Malate dehydrogenase (MDH) (EC:1.1.1.37) utilizes NAD/NADH as coenzyme to reversibly catalyze the oxidation/reduction of the malate/oxaloacetate. The mitochondrial isoenzyme (mMDH) catalyzes the oxidation of malate (MAL), and is the last step of the citric acid cycle, while the cytoplasmic isoenzyme (cMDH) primarily reduces oxaloacetate (OAA) in the cytoplasm. Together, these two isoenzymes participate in the malate-aspartate shuttle to transport the reducing equivalents between the cytoplasm and the mitochondrial matrix. The cytosolic enzyme cMDH tends to be highly expressed in tissues with high ATP demand, such as the heart, in which the malate-aspartate shuttle is particularly active (1,2). One of the functions of the malate-aspartate shuttle is to clear NADH generated by cytosolic substrate oxidation, to allow those processes to remain thermodynamically favorable. Thus, the extent to which the mMDH and cMDH isoforms are sensitive to NAD and NADH is an important factor in determining how the shuttle system is able to regulate cytoplasmic redox state.

Both the isoenzymes are homodimers with molecular mass of ∼70 kDa per dimer (3). Despite low structural similarity between the two isoenzymes, the key residues in the catalytic loop are conserved (3). The cMDH is more polar and acidic compared to mMDH due to the presence of more acidic residues in cMDH compared to mMDH (3). The mMDH dissociates to monomer at pH of ∼5 (4) while, perhaps related to its acidic nature, the cMDH remains dimerized even at low pH values (3).
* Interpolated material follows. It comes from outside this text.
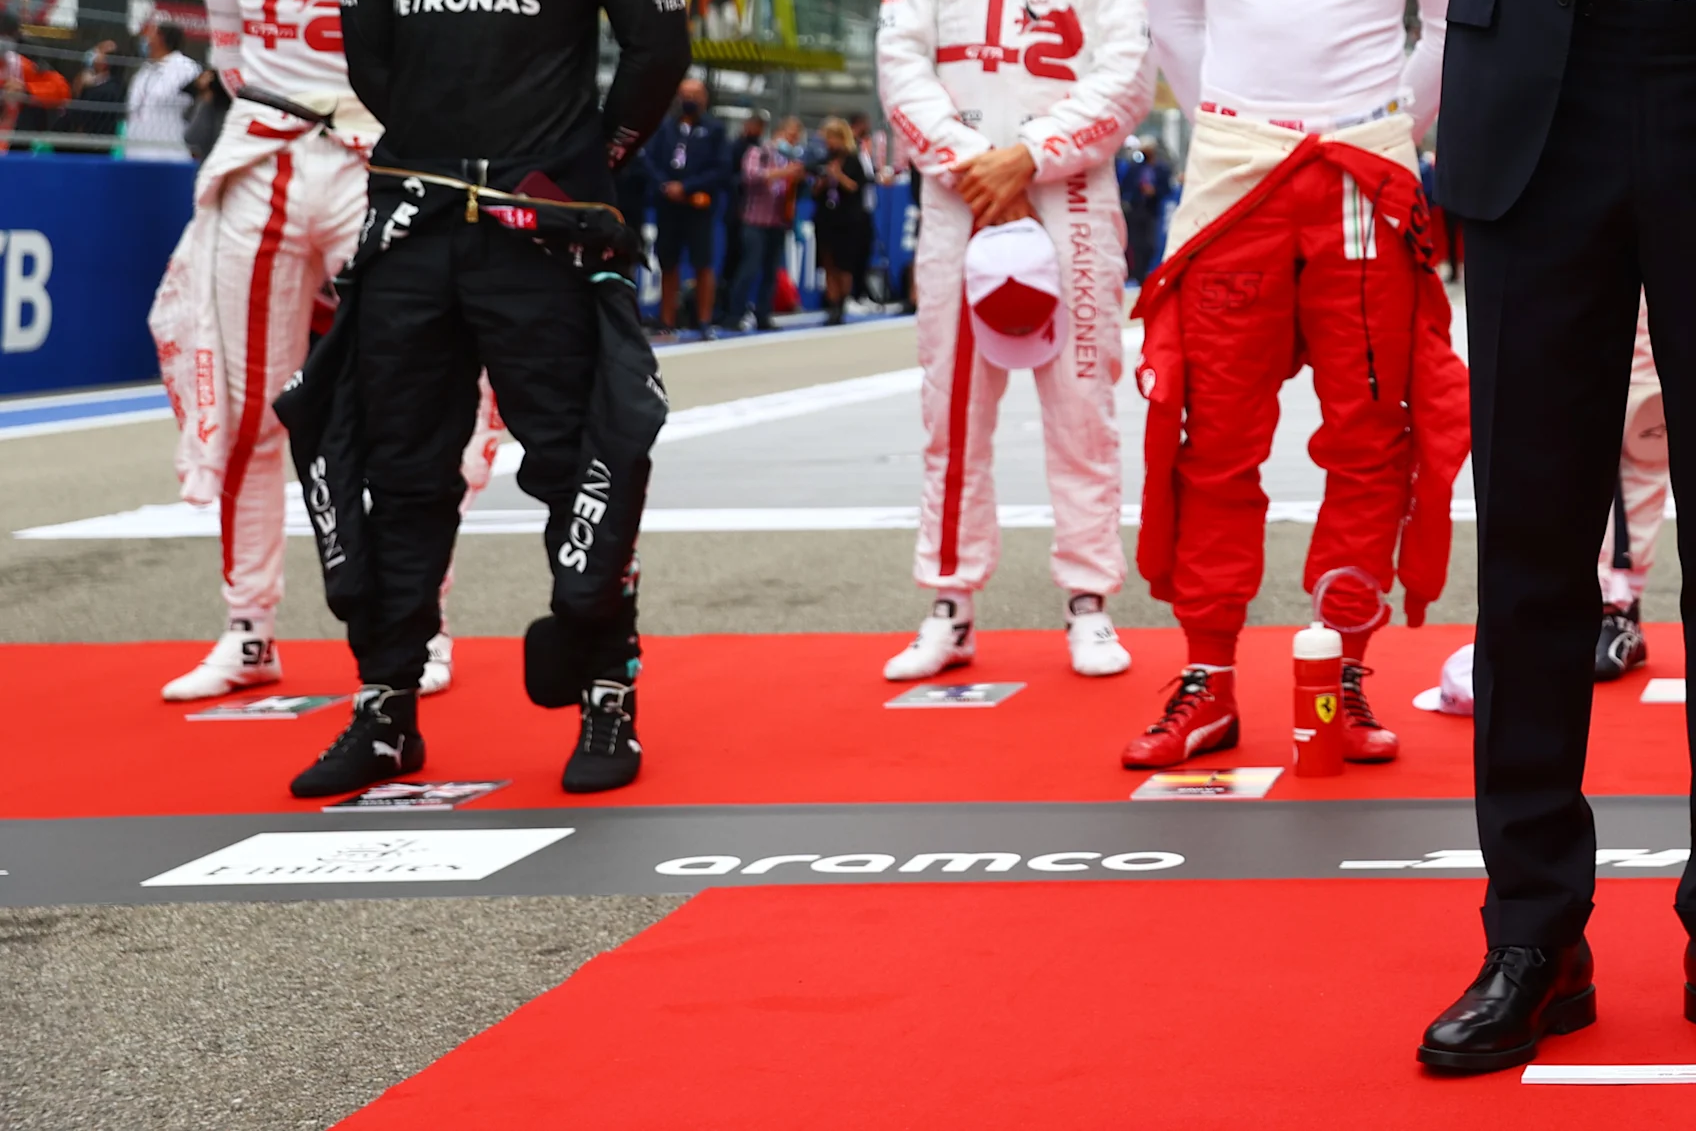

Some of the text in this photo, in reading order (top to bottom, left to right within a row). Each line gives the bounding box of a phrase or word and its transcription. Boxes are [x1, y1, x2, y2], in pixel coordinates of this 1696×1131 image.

[1200, 271, 1264, 311] 55
[558, 458, 612, 574] INEOS
[655, 851, 1186, 875] aramco
The kinetic mechanisms of both isoforms have been extensively investigated. It has been generally accepted that, for both isoforms, the reaction follows an ordered bi-bi mechanism with coenzyme (NAD/NADH) binding to the enzyme followed first by the substrate (5–7). Using structural studies on enzyme complexes with 1,4,5,6-tetrahydronicotinamide and α- ketomalonate as substitutes for NADH and MAL, respectively, Chapman et al. (8) concluded that the MAL/OAA are specific substrates to MDH and that conformational changes occur only after the proton is transferred from NADH to OAA. This suggests that the enzyme-catalyzed reaction is an ordered reaction with coenzyme (NAD/NADH) binding first, followed by substrate (MAL/OAA) binding, after which confirmation changes occur (8). Because the reaction involves the reversible exchange of protons, the reaction progress is affected by the pH and ionic strength of the solvent (9). However, different groups, based on their kinetic data, proposed several competing mechanisms for the pH-dependent effects, including a partial random-ordered bi-bi mechanism (10), abortive complexes being formed at higher pH values (11), a reciprocating compulsory ordered mechanism (12), and an ordered bi-bi mechanism with several abortive complexes formed (13,14).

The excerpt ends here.